• [Goal of the exercise]:
Return each entry below word for word, leaving out any image.

Phrase grounding data:
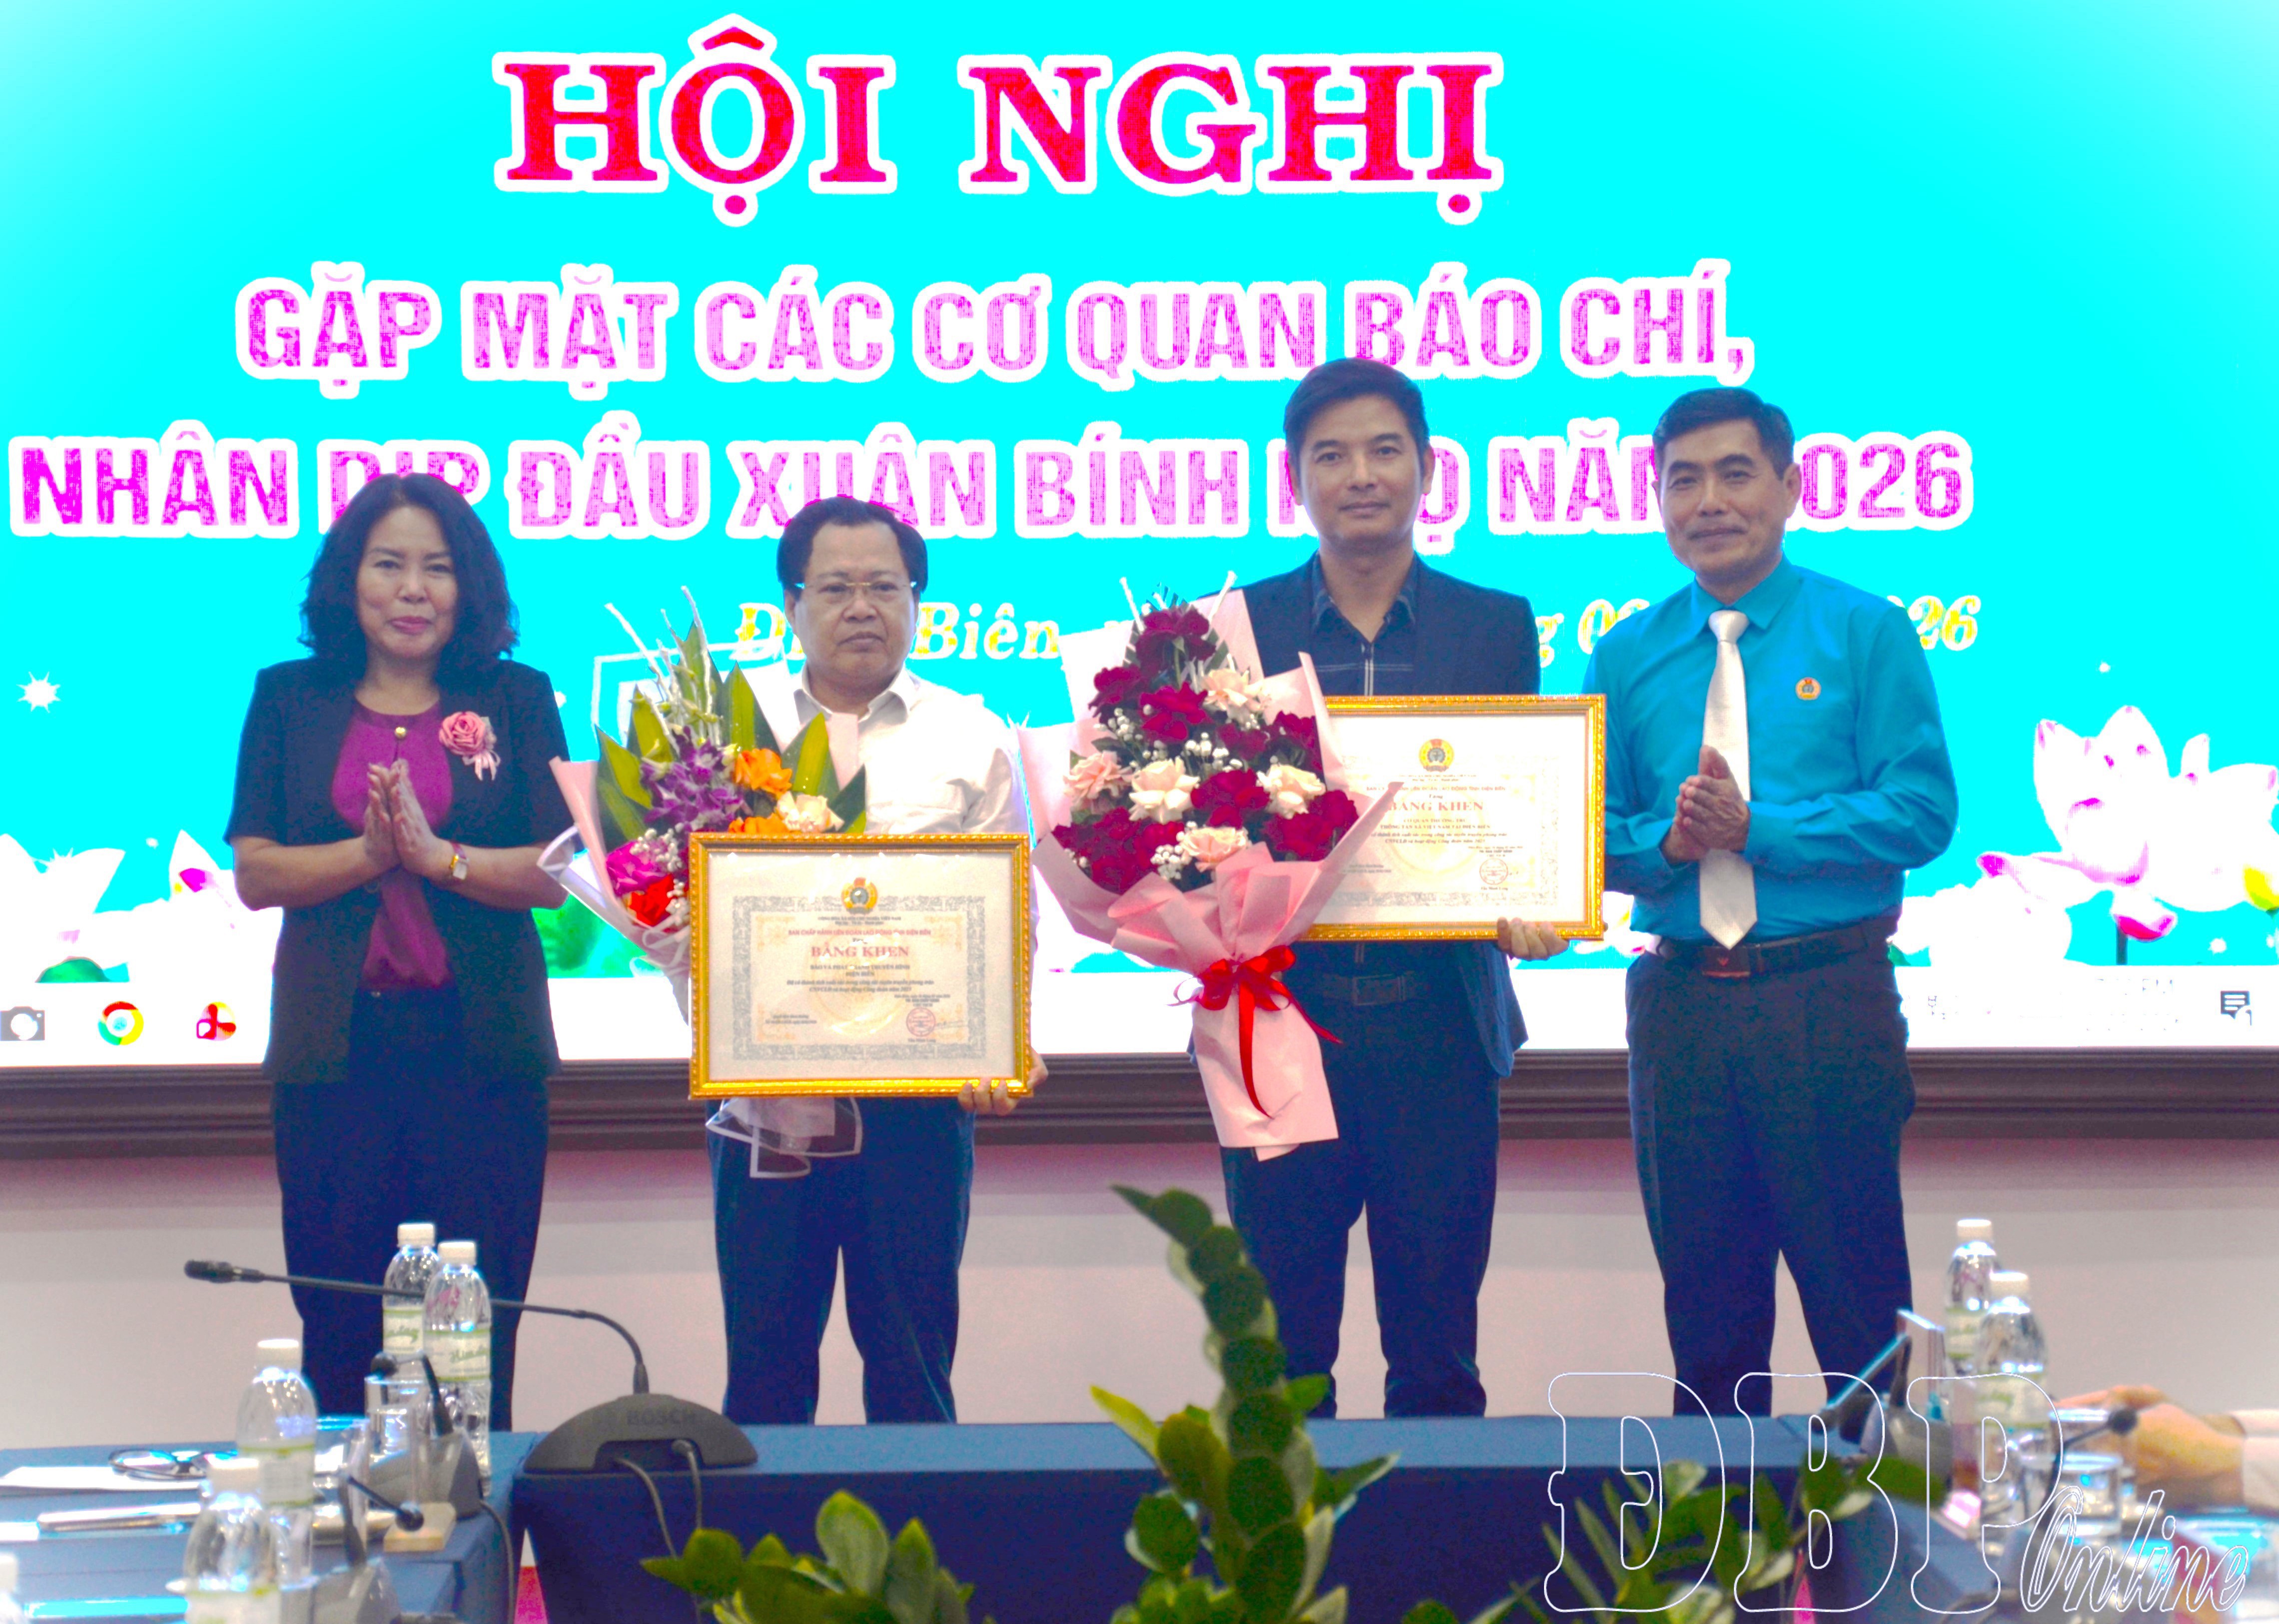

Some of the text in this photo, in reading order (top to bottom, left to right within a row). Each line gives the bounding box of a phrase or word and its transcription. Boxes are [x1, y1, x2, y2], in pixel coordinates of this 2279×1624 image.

[499, 21, 1497, 219] HỘI NGHỊ
[243, 266, 1747, 393] GẶP MẶT CÁC CƠ QUAN BÁO CHÍ,
[17, 426, 292, 530] NHÂN
[513, 418, 703, 532] ĐẦU
[736, 429, 989, 531] XUÂN
[1022, 429, 1242, 530] BÍNH
[1439, 802, 1483, 811] KHEN
[862, 946, 909, 957] KHEN
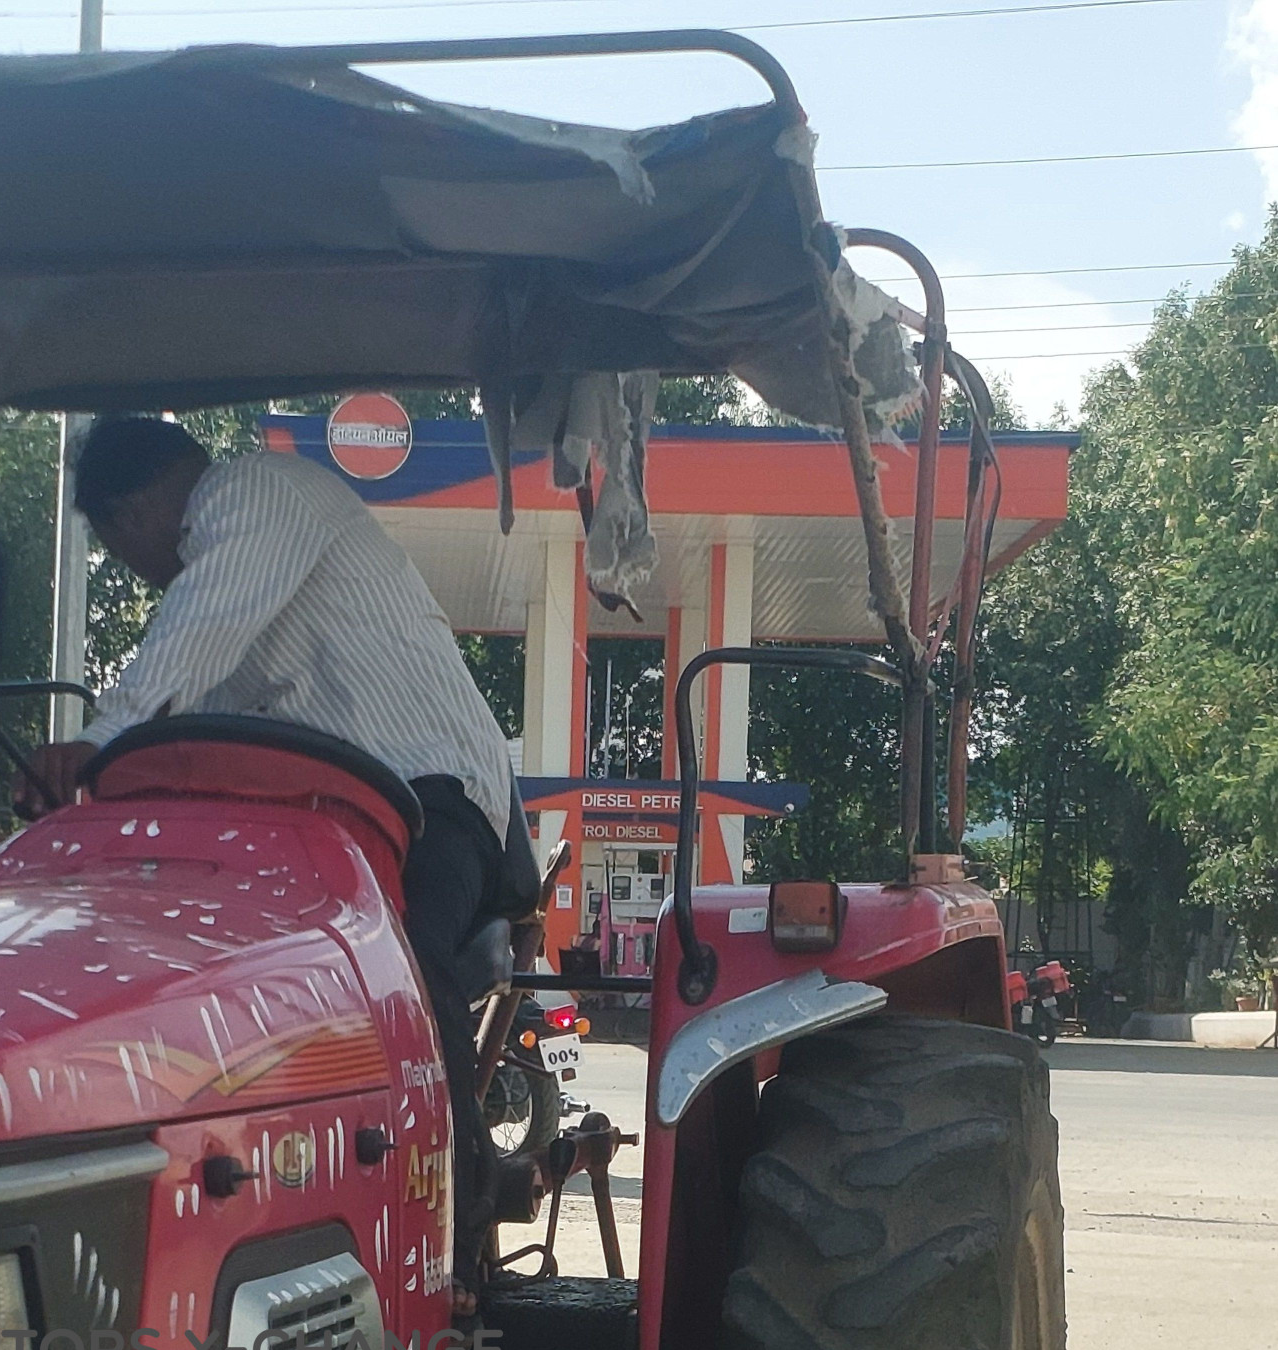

• [Result]:
Some of the text in this photo, in reading order (top to bottom, left to right within a row). Each line gives the bounding box of a phrase or word and its transcription. Boxes are [x1, y1, x2, y2], in pixel coordinates of this 2279×1624 image.

[499, 21, 1497, 219] HỘI NGHỊ
[243, 266, 1747, 393] GẶP MẶT CÁC CƠ QUAN BÁO CHÍ,
[17, 426, 292, 530] NHÂN
[513, 418, 703, 532] ĐẦU
[736, 429, 989, 531] XUÂN
[1022, 429, 1242, 530] BÍNH
[1439, 802, 1483, 811] KHEN
[862, 946, 909, 957] KHEN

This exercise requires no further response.